__TASK BRIEF__: Present each line of the entries below that holds the word "CENTRAL".

__DATA PROVIDED__:
-- Opening Marker --
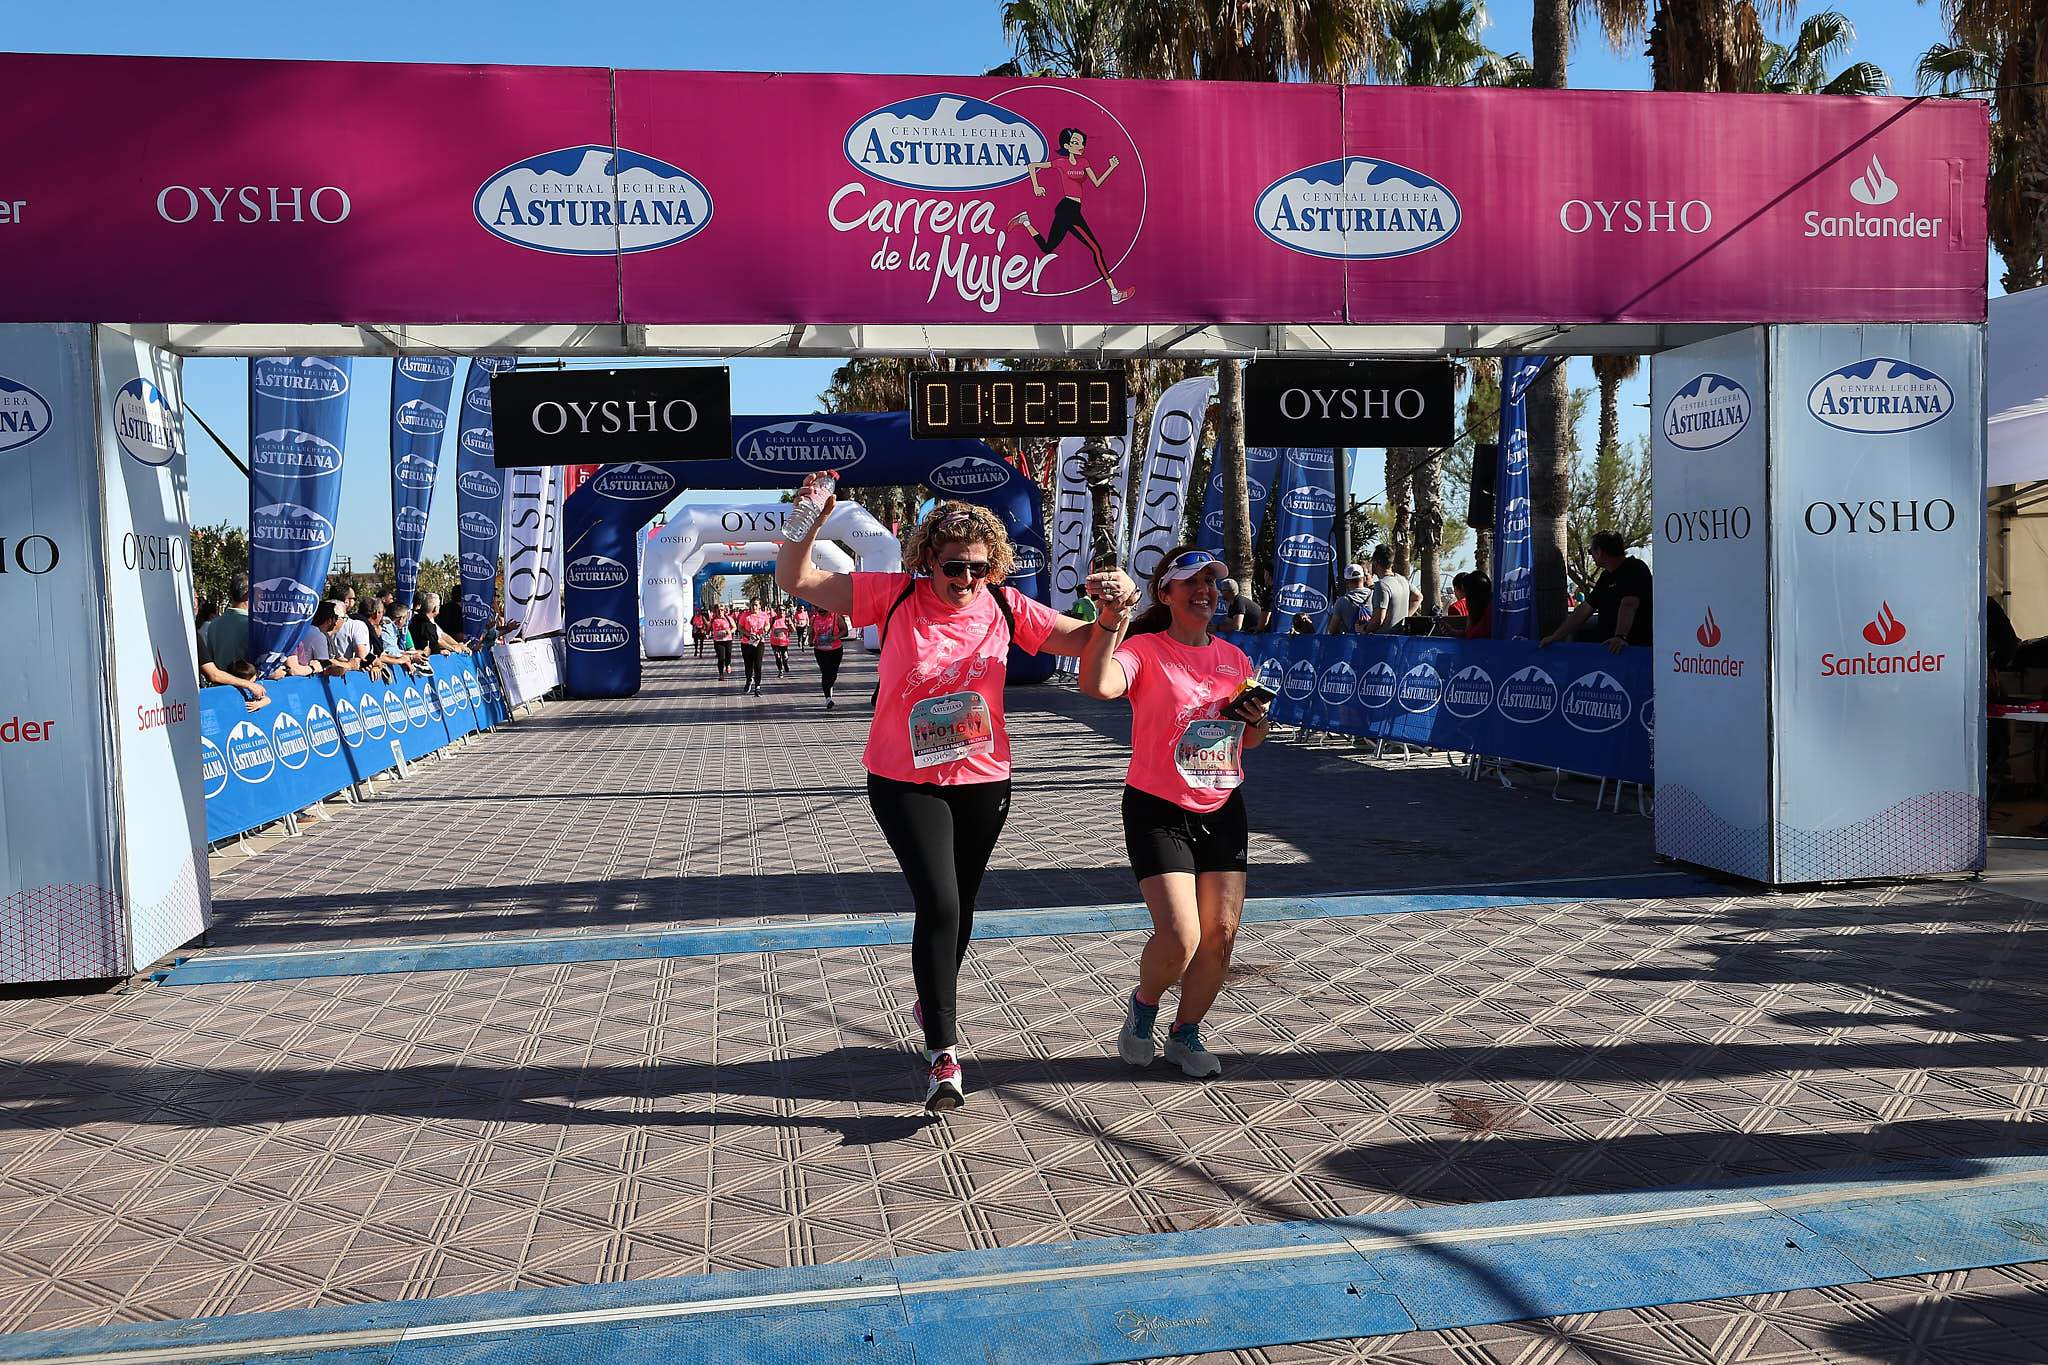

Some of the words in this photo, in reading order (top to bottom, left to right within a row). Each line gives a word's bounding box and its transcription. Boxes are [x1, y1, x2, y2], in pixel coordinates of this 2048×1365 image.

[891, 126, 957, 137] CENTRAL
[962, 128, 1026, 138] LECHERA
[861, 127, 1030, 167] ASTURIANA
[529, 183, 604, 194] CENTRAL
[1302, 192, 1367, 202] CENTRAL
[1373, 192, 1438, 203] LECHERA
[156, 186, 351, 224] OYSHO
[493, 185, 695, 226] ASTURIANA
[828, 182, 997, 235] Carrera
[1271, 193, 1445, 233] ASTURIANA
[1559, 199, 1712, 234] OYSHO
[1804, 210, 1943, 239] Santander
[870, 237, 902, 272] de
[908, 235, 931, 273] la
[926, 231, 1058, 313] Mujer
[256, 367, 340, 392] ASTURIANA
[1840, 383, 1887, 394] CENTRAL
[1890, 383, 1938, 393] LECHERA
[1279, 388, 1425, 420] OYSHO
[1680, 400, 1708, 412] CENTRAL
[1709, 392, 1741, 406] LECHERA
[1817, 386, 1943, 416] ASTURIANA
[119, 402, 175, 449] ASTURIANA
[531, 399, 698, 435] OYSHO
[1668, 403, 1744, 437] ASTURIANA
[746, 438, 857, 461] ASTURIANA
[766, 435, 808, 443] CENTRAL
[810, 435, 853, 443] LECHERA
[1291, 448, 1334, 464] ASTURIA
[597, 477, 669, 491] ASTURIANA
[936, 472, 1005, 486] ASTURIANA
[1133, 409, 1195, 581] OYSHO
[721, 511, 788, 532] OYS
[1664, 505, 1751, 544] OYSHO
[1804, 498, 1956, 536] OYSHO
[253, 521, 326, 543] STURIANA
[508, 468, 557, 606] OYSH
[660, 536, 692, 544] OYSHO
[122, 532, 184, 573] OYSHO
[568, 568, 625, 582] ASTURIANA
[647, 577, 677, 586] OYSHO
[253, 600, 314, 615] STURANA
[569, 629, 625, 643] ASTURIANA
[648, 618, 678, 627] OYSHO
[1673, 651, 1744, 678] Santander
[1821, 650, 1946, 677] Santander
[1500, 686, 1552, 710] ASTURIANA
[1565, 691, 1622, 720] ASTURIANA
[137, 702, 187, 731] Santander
-- Closing Marker --
__EXERCISE RESULT__:
[891, 126, 957, 137] CENTRAL
[529, 183, 604, 194] CENTRAL
[1302, 192, 1367, 202] CENTRAL
[1840, 383, 1887, 394] CENTRAL
[1680, 400, 1708, 412] CENTRAL
[766, 435, 808, 443] CENTRAL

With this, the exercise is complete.